# Fresno Super Bully Show 2010



## Rojas209 (Nov 24, 2009)

Went down to the Fresno Bully show with Hawgs and Dawgs Magazine, took pictures all day uploaded them onto my photo gallery. Take a look let me know what you think.

Here is a link:

Fresno Super Bully Show 2010 - 209photo's Photos- powered by SmugMug


----------



## Black Rabbit (Nov 14, 2009)

Some of them are cute but not my style. Some of them look really sad.


----------



## ws6 beat (Feb 26, 2010)

my boy looks so much different than them. do the ones that look like english bulldogs only win?


----------



## MISSAPBT (May 10, 2009)

This one looks a little weird


----------



## Black Rabbit (Nov 14, 2009)

Poor dog his legs don't look very good. I hope they take good care of that dog cause he looks like he may run into problems.


----------



## meganc66 (Mar 6, 2009)

Some of those I liked, but some I didn't care for. Great quality shots, looks like fun!


----------



## Rojas209 (Nov 24, 2009)

ha ha ha...some are English bulldogs, Its both Bulldog and American Bully Event...and some of the dogs look sad because they play loud music in the event and some dogs are not accustomed to all the noise from the speakers...I just went to go take pictures some dogs, im not a fan of all of them but some are good looking dogs


----------



## American_Pit13 (Apr 23, 2007)

There where quite a few great looking dogs out. Thanx for the pics


----------



## Rudy4747 (Nov 29, 2009)

Are some of those english bulldogs? Did they compete or do they have a division for them?


----------



## Black Rabbit (Nov 14, 2009)

Oh I see. I saw another bully show that had a class of English Bulldogs and one for American Bulldogs as well as Bullies. Poor dogs were just tripin on the speakers lol. There was some nice ones though


----------



## Black Label Romo (Oct 15, 2009)

Wow...lotsa great lookin dogs...lovin the tri's and the brindles...thank you for sharin ur pics with us!!!


----------



## dixieland (Aug 14, 2009)

Lone Star said:


> Wow...lotsa great lookin dogs...lovin the tri's and the brindles...thank you for sharin ur pics with us!!!

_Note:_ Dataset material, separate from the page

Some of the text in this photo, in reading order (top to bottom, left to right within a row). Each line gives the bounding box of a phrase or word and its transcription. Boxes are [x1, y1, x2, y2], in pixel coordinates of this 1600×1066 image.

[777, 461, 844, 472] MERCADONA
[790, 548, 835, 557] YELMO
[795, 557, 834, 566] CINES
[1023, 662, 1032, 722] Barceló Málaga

Agreed!The tri's and brindled look good!


----------



## AdrianVall (Dec 16, 2009)

I like one of the tri colored and the big taller brown colored bully with the prong. Other then that, the rest of them were definitely not my taste. But hey, thats why there's different dogs for everyone!


----------



## leatherman-cowboy (Feb 10, 2010)

Hey Rojas209
Lot's of great pictures,and fine looking dog's.Now I cant wait to the show this Saturday,lol.
Thank you for sharing,
Henry


----------



## Rojas209 (Nov 24, 2009)

leatherman-cowboy said:


> Hey Rojas209
> Lot's of great pictures,and fine looking dog's.Now I cant wait to the show this Saturday,lol.
> Thank you for sharing,
> Henry


what show is that?


----------



## leatherman-cowboy (Feb 10, 2010)

*Show*

Hey Rojas209
It's a shorty Bull show in Del Mar.And the next show is in San Diego for the ABBA's 1 year mark.
Thank you,
Henry


----------